I suppose she had seen the attraction long before either of us had, I guess that's the mothers intuition thing.
Then we went to tell his father and I was scared crap-less, I heard he was a nice guy but I was taking his heir. I was not prepared for the massive hug welcoming me into the family. He was already talking about having grand-pups, which was a subject I didn't want to talk to my mate's father about.
The only one who gave us trouble was the demons Kagura had misinformed. Eventually it had all been cleared up, though there were still those who didn't approve of the union. I say screw 'em.
Oh yeah and Inuyasha was now more involved in the fraternal side of his family. His mother hadn't been too keen on the idea of meeting his father but I had promised to keep him safe. Go figure right, a human miko protecting a strong hanyou, ironic.
Any-who I was getting married next month and I was nervous as hell, don't get me wrong I wasn't having cold feet or anything like that. I was just thinking that at any minute Sesshomaru was going to realize he didn't want me and call the whole wedding off. Even though he assured me multiple times that it wasn't going to happen. I couldn't help but think that it would work that way. I mean he's Mr. handsome and I'm just plain old Kagome. And all the demoness' that were hanging around like a bunch of stray bitches in heat were making me doubt myself all the more. They could offer him power, full blooded pups. The most I could offer him was my love.
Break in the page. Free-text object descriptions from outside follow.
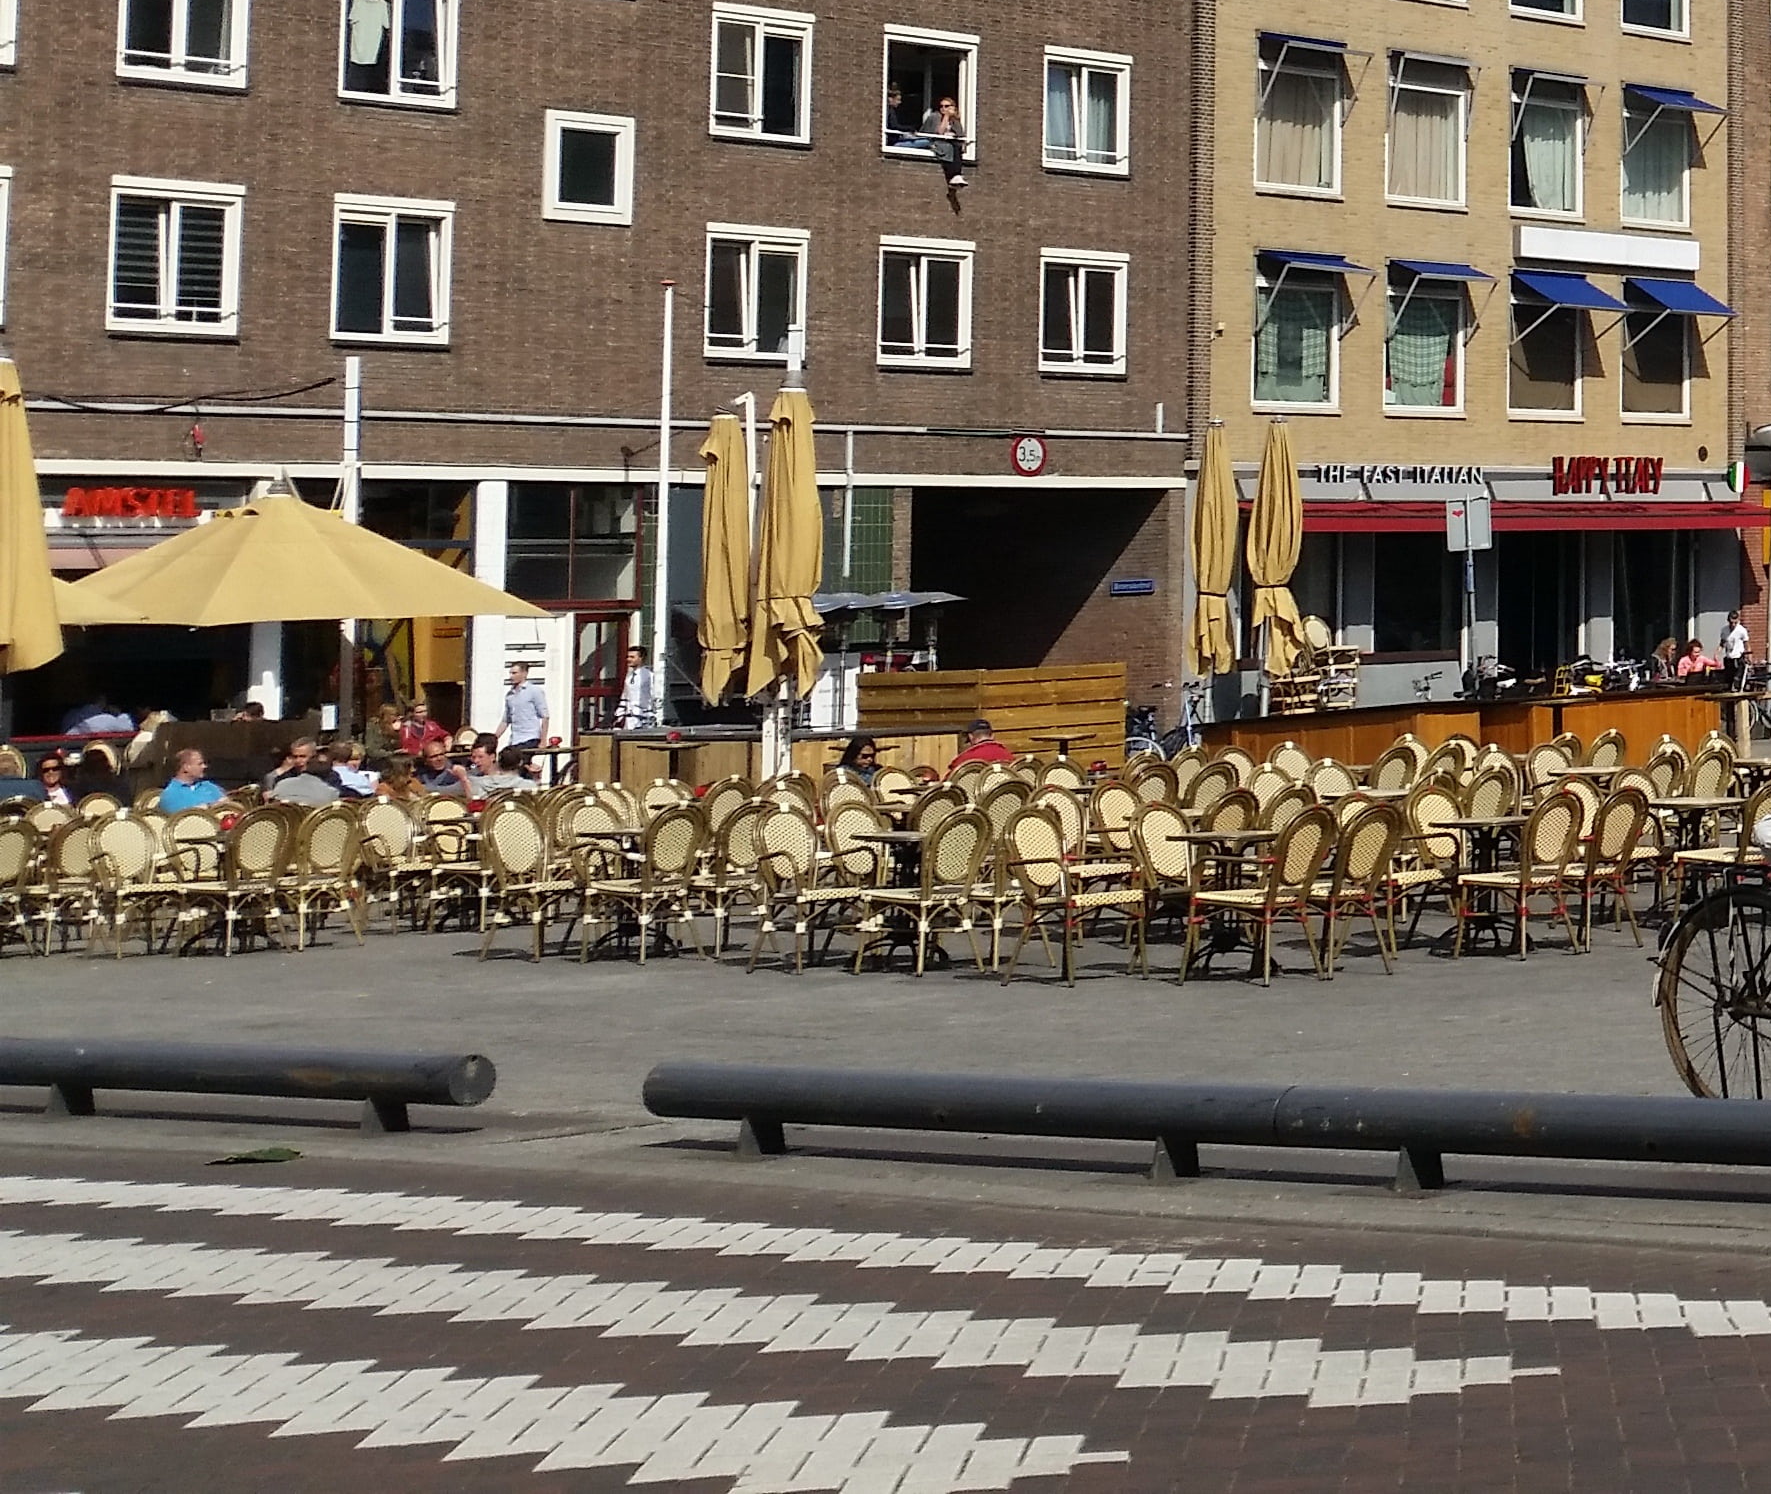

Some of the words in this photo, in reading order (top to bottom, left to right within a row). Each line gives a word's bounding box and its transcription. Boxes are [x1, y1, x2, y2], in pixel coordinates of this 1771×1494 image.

[1317, 465, 1351, 483] THE
[1362, 466, 1404, 484] FAST
[1414, 466, 1484, 484] ITALIAN
[1552, 457, 1609, 495] HAPPY
[1613, 457, 1663, 495] ITALY
[63, 487, 201, 518] AMSTEL
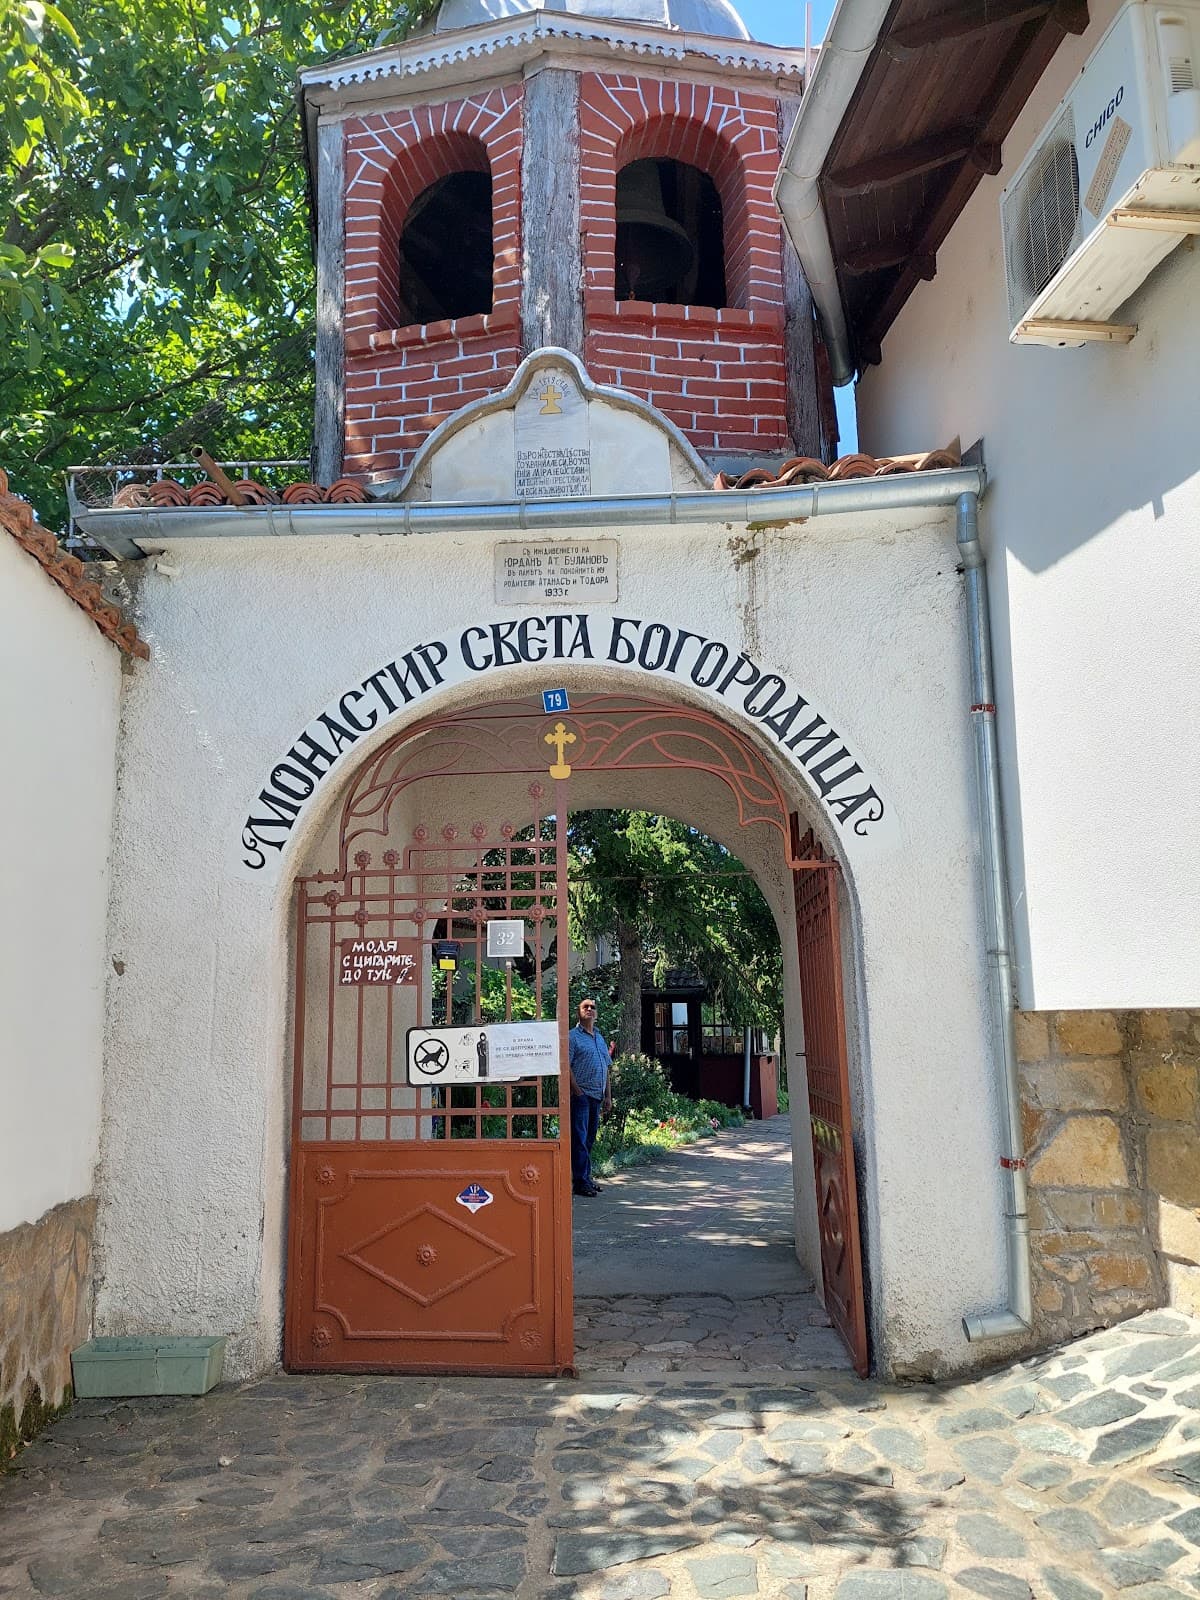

Love, the thing that had fueled me to the point I was now. I had to have faith that he loved me as well.
He Loves me.
He loves me.
He loves me.
I chanted until I felt better, I knew he loved me so I shouldn't worry. I was his mate and according to Ayame, like wolves, inu-youkai mated for life.
But it seems his father broke that law of nature when he slept with Inuyasha's mother.
Oh great just when I was feeling better.
I needed to speak with Toga; maybe clear some things up and put my fears to rest.
Toga, you have some splain'in to do.